Homomorphism Theorem: If $\varphi: R \to S$ is a ring homomorphism, then $R/\ker \varphi \cong \operatorname{Im} \varphi$.

In ℤ: $nℤ = {0, \pm n, \pm 2n, \ldots}$ is an ideal. ℤ/nℤ is the ring of residues.

In ℝ[x]: $(x^2+1)$ is an ideal. $\mathbb{R}[x]/(x^2+1) \cong \mathbb{C}$ — this is the construction of complex numbers!

Prime and Maximal Ideals

An ideal $P$ is prime if $ab \in P \implies a \in P$ or $b \in P$. Maximal if $P \ne R$ and there is no ideal strictly between $P$ and $R$.

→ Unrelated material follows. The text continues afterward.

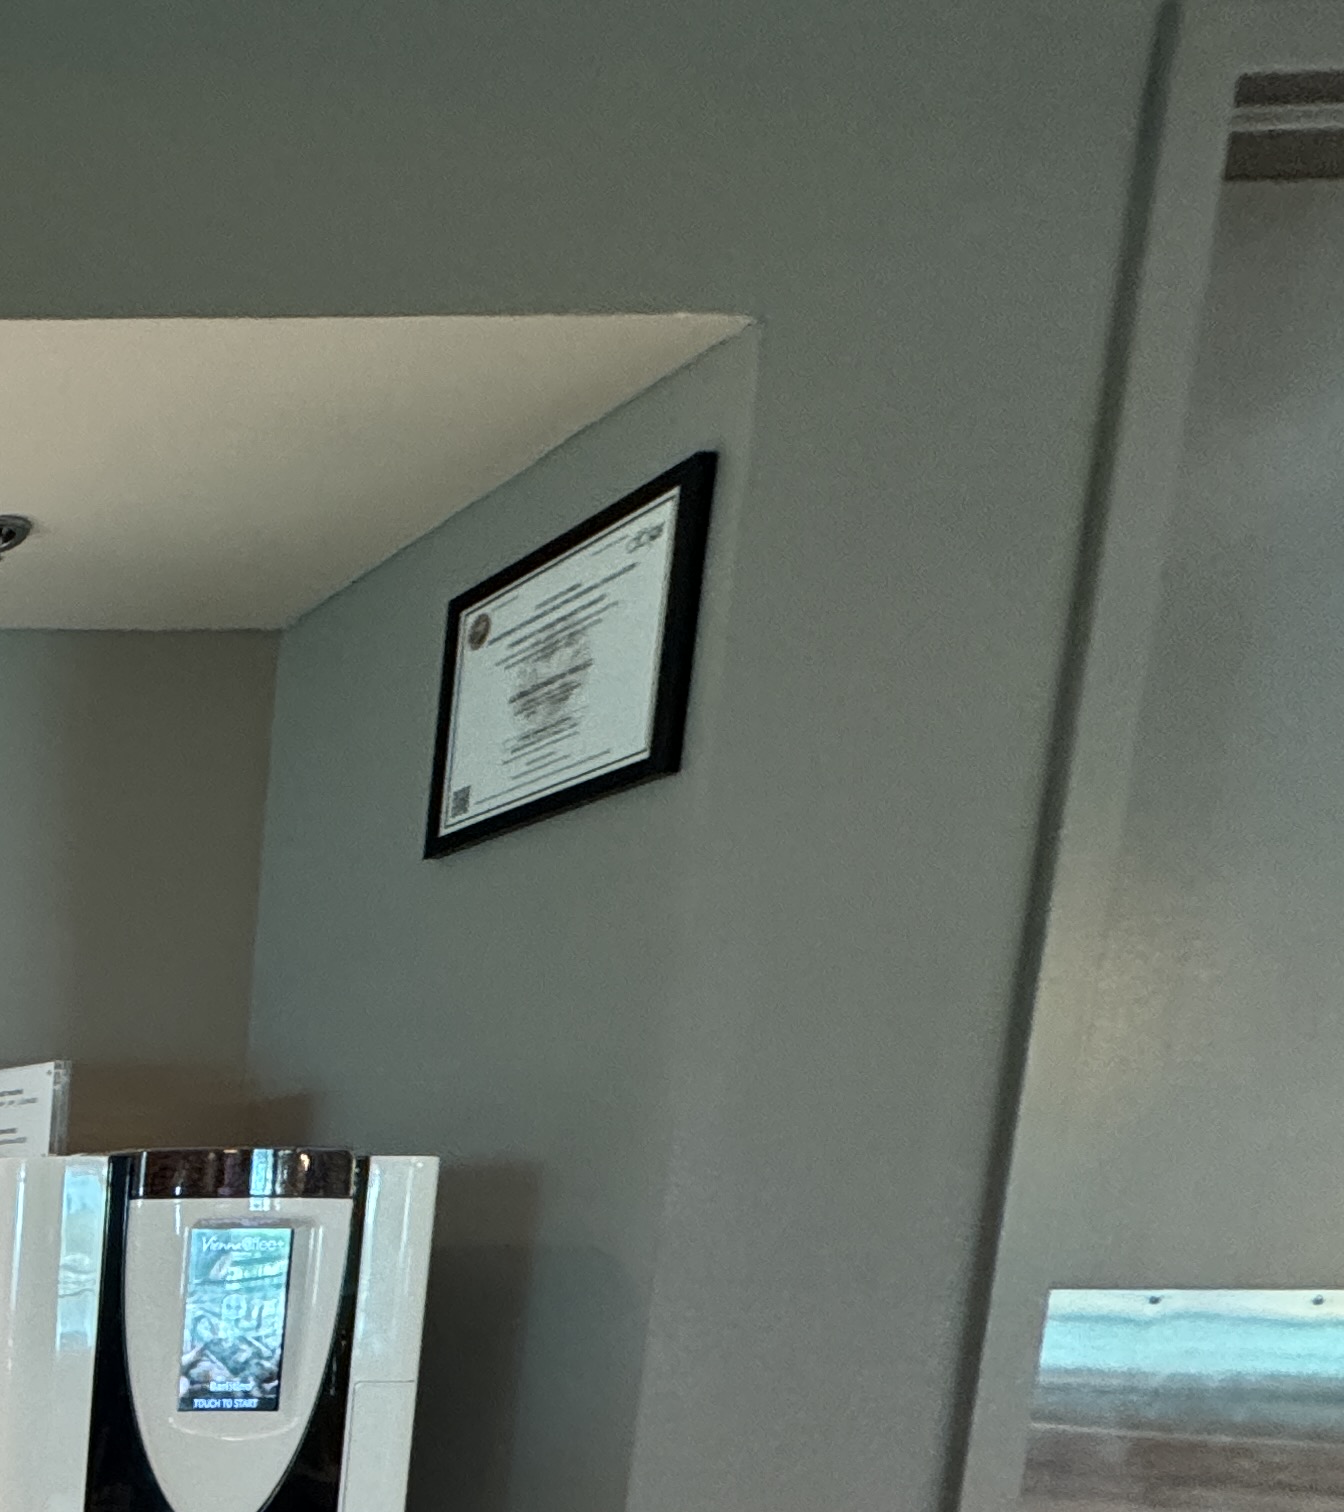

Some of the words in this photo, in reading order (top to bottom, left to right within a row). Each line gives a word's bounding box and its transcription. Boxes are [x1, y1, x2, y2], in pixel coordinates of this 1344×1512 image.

[193, 1398, 221, 1409] TOUCH
[221, 1398, 233, 1409] TO
[234, 1398, 259, 1408] START

In a commutative ring: $I$ is maximal $\iff R/I$ is a field. $I$ is prime $\iff R/I$ is an integral domain.

Fields

A field is a commutative ring with unity in which every nonzero element is invertible.

Examples: ℚ, ℝ, ℂ, ℤ/pℤ (p is prime), ℚ($\sqrt{2}$) = ${a + b\sqrt{2} : a, b \in ℚ}$.

Characteristic of a field: the smallest $p$ such that $1+1+\ldots+1$ ($p$ times) $= 0$. If there is none — char $= 0$ (ℚ, ℝ, ℂ). Finite fields have characteristic $p$ (prime).

Finite Fields GF($p^n$)

For every prime $p$ and natural $n$, there exists a unique (up to isomorphism) field $\mathrm{GF}(p^n)$ of order $p^n$. These fields are fundamental in coding theory and cryptography.